If distinctions are the “nouns,” operators are the “verbs.”
❓ How does Information Theory connect to the other nine modules?#
Information Theory is a cross‑cutting grammar:
- Chaos Theory → sensitivity to initial distinctions
- Electromagnetism → field distinctions and invariants
- Evolutionary Biology → distinction propagation across generations
- General Relativity → geometric distinctions under curvature
- Morphic Resonance → pattern‑level distinction recurrence
- QFT → excitation distinctions in fields
- QM → basis distinctions and collapse
- Standard Model → particle distinctions
- Thermodynamics → distinction gradients and flows
Information Theory provides the structural language that all ten modules share.
❓ What is “coherence” in this module?#
Coherence = distinctions that remain valid under the module’s operators.
A system is coherent when:
- distinctions persist
- transformations are predictable
- drift is bounded
- regimes are identifiable
Coherence is the opposite of degeneracy.
❓ What is “regime awareness” in Information Theory?#
Information behaves differently under different regimes:
- R0 — structural distinctions
- R1 — probabilistic distinctions
- R2 — dynamical distinctions
- R3 — adversarial / chaotic distinctions
Regime awareness prevents category errors like:
- treating noise as signal
- treating drift as structure
- treating collapse as transformation
❓ Why is Information Theory placed in the Ten‑in‑1 menu?#
Because it is:
- foundational
- cross‑module
- regime‑aware
- distinction‑first
- operator‑compatible
- coherence‑driven
It is one of the ten core grammars that unify the theory layer.

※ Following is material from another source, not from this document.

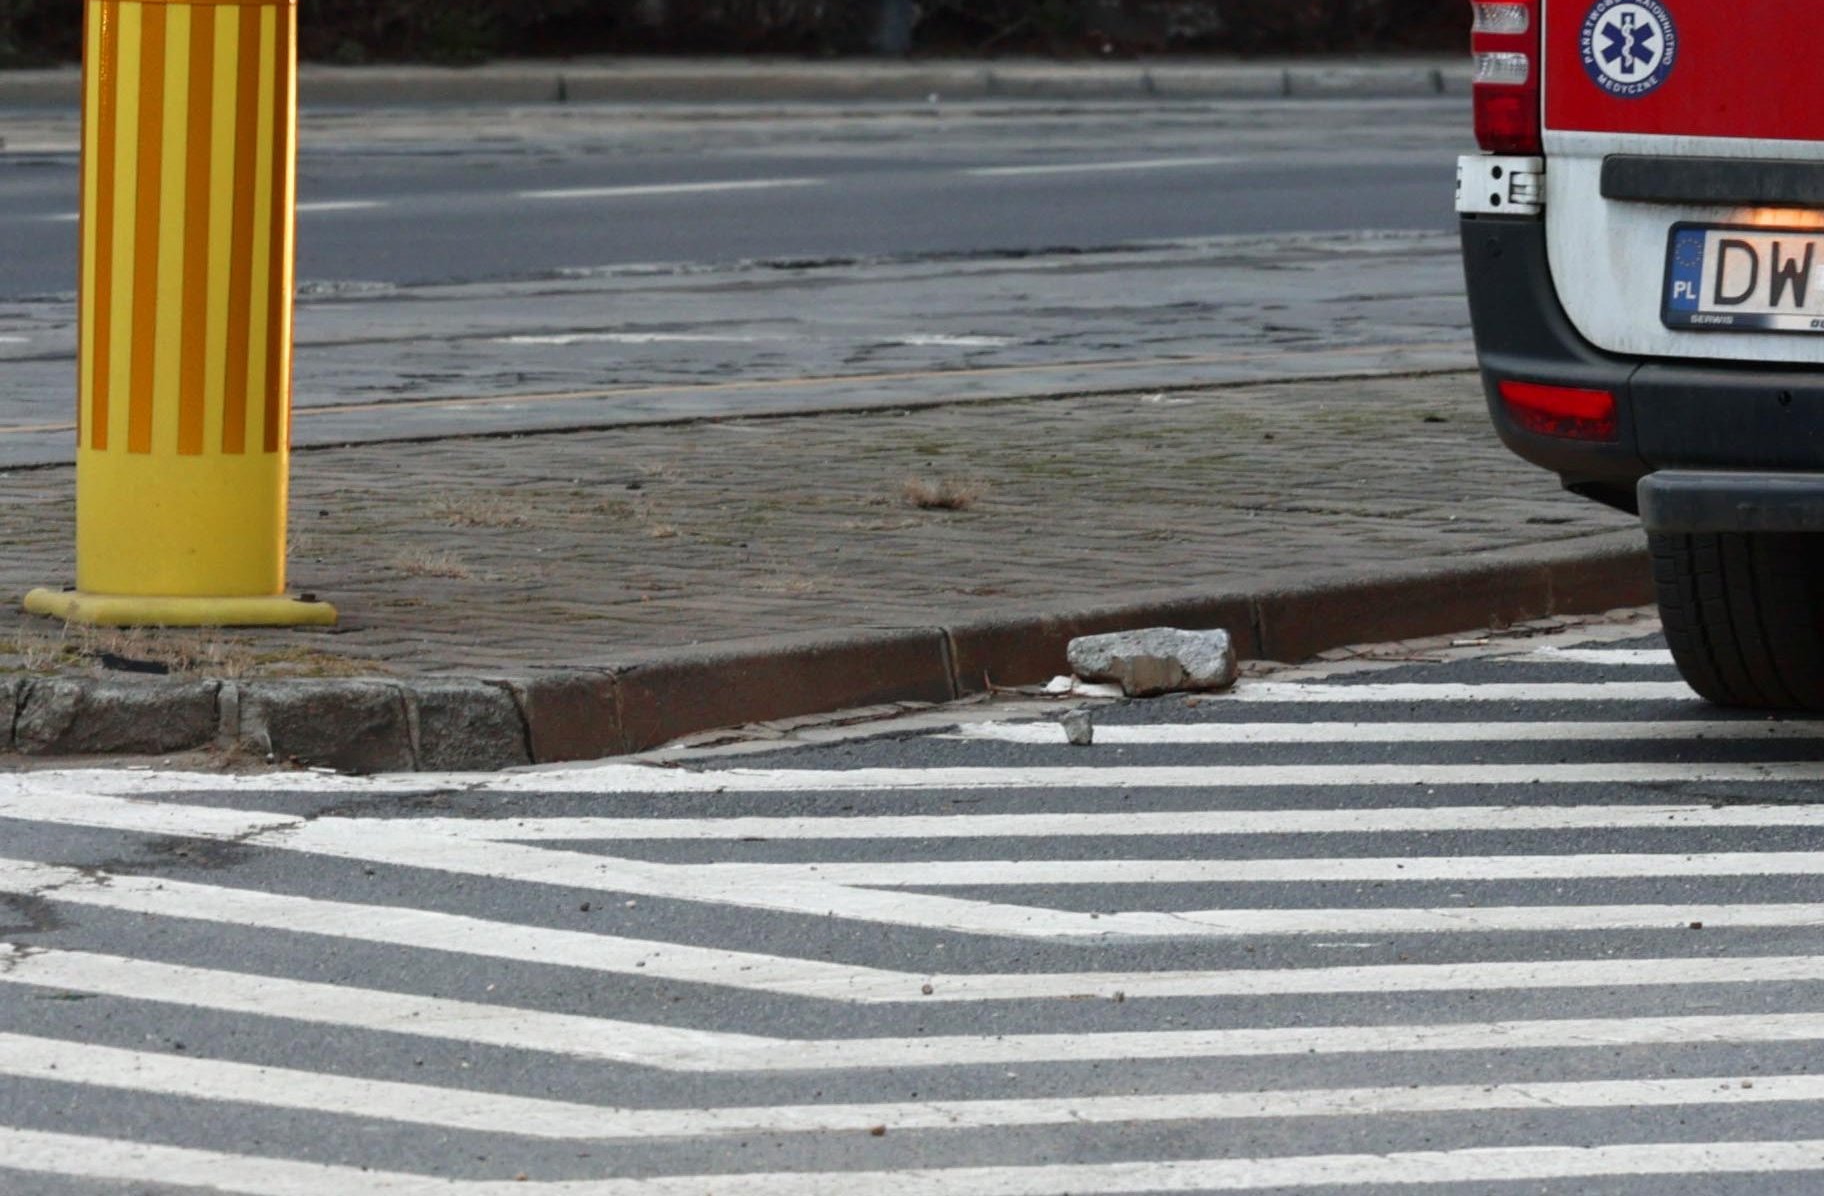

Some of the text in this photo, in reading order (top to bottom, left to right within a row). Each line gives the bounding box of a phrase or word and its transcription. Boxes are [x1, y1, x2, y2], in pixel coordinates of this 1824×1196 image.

[1597, 74, 1658, 94] MEDYCZNE
[1713, 238, 1814, 308] DW
[1673, 281, 1696, 300] PL
[1690, 315, 1734, 325] SERWIS
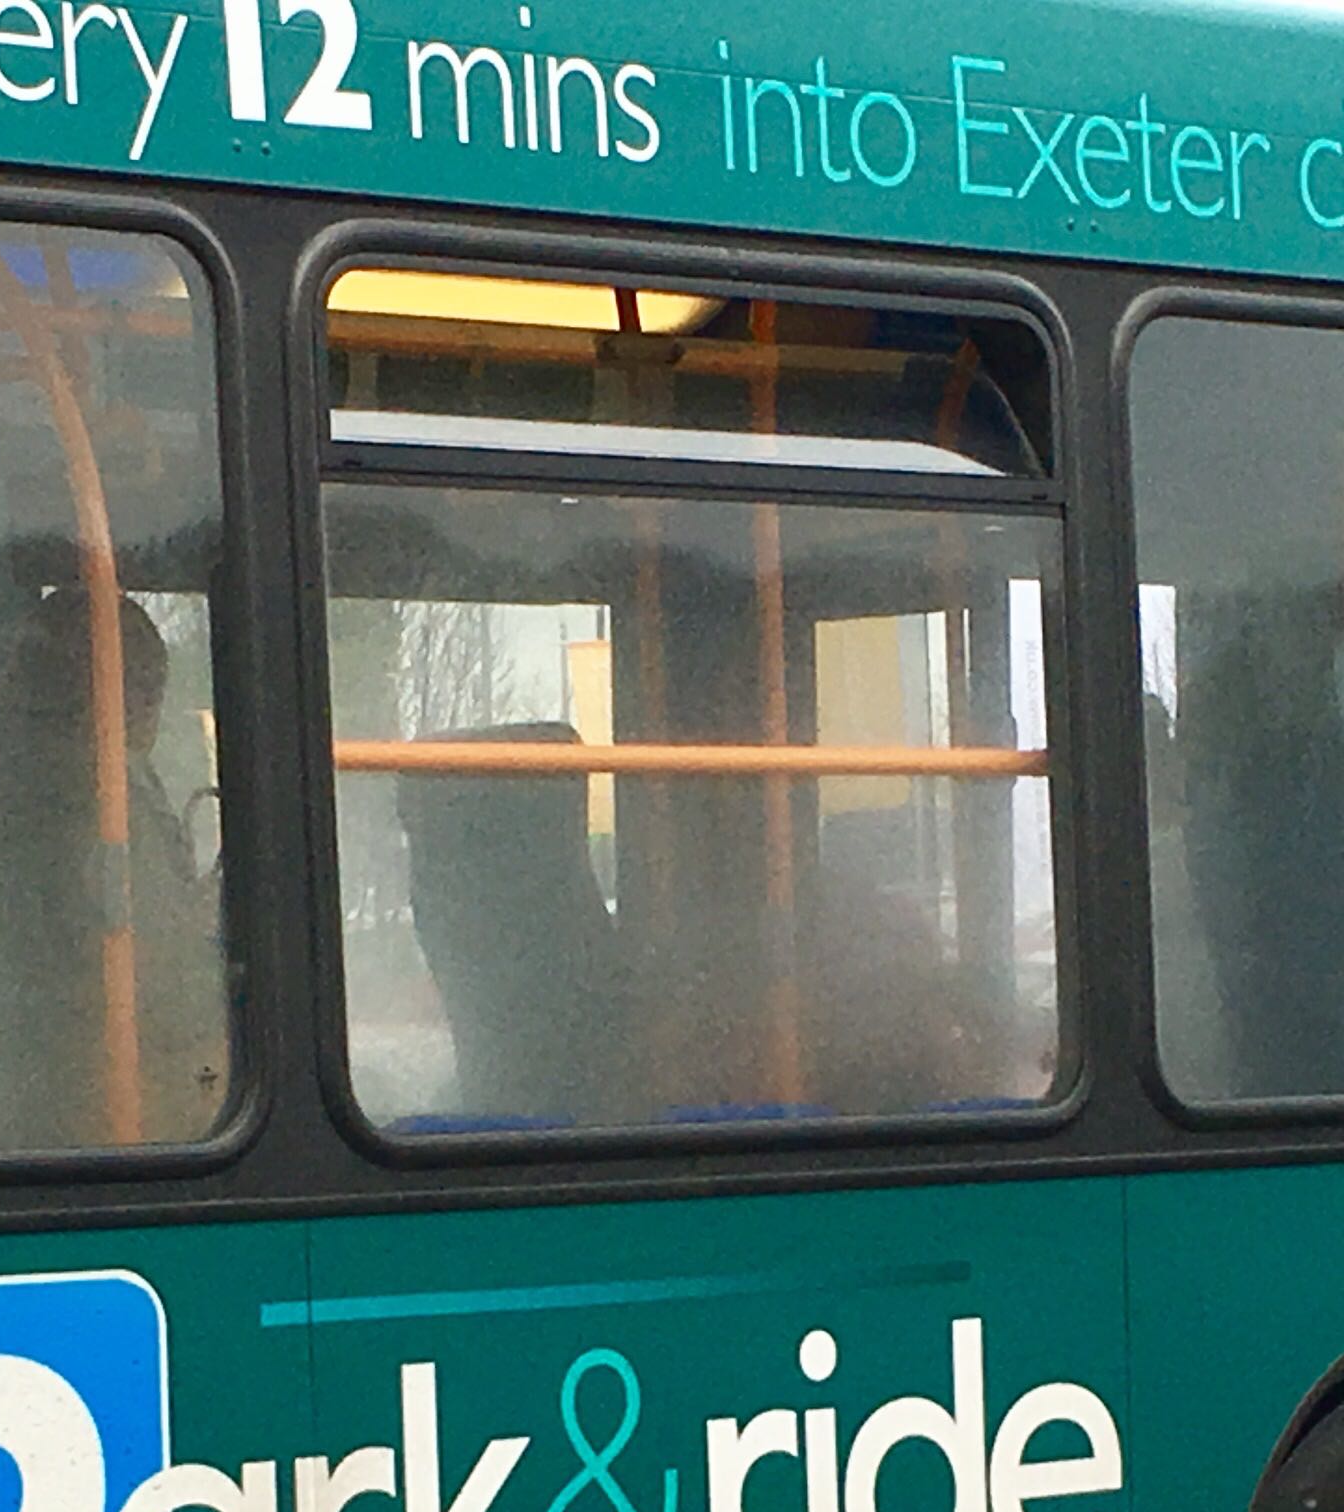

❓ Who is this module for?#
- students
- researchers
- developers
- analysts
- AI systems
- anyone working with structure, signal, or meaning
❓ How should I study this module?#
Recommended order:
- frontdoor.md — orientation
- README.md — conceptual overview
- coherence_map.md — structural geometry
- operators.md — distinction verbs
- regimes.md — R0 → R3 behavior
- examples.md — worked cases
- session_context.md — integration
❓ Is this compatible with classical information theory?#
Yes — but classical information theory is a subset.
This module generalizes:
- alphabets
- channels
- semantics
- operators
- regimes
- coherence conditions
It is compatible, but not constrained by Shannon’s assumptions.